The CTJ study comes as Democrats and Republicans are continuing to spar over the best way to tax corporations and the profits they make abroad. Both sides have called for reforming corporate taxes in a way that would get rid of preferences and incentives while lowering the corporate rate, which now tops out at 35 percent.
Under the current set-up, corporations are required to pay their full rate on offshore profits. But corporations can also defer paying those taxes until they bring their offshore cash back to U.S., and also receive credits for taxes paid to foreign governments.
House Ways and Means Committee Chairman Dave Camp (R-Mich.) and other top GOP officials have called for shifting the U.S. to a so-called territorial system, which would shield most offshore corporate profits from American taxation.

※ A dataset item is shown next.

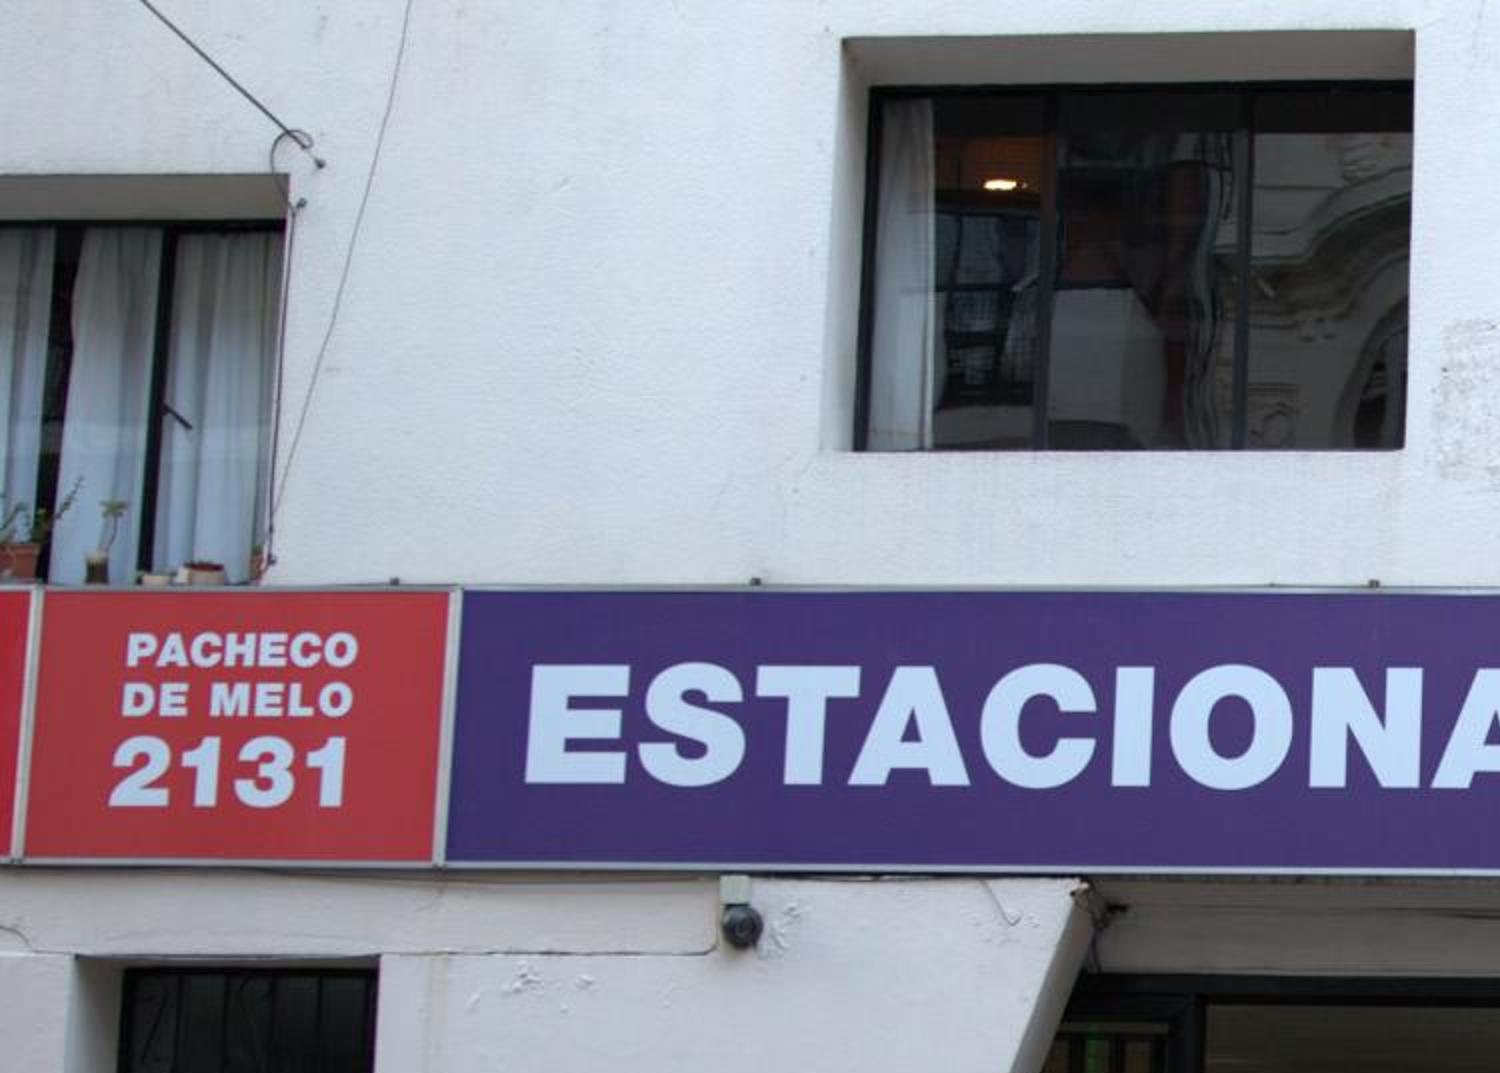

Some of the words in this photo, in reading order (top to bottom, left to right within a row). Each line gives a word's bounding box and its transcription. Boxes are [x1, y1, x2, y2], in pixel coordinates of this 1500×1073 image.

[128, 631, 358, 668] PACHECO
[122, 682, 189, 717] DE
[210, 681, 353, 717] MELO
[109, 735, 346, 808] 2131

Supporters of that system say it would give U.S. companies a better chance to compete internationally, and would encourage more domestic investment from corporations.
Apple and other companies included in CTJ’s study, like Microsoft, have also previously lobbied for a corporate tax holiday that would have installed a temporary rate as low as 5 percent on profits brought to the U.S.
The White House, which has said it’s interested in tax reform, has instead pushed for a minimum tax on offshore profits.
“I think that, as we lower our rate, we ought to be looking at having a kind of minimum worldwide tax rate where we're trying to level the playing field,” Treasury Secretary Jack Lew said in his confirmation hearing last month.
“We actually have a debate between whether we go one way or the other. And we have a hybrid system now, and it's a question of where we set the dial. I think that there is room to work together on this.”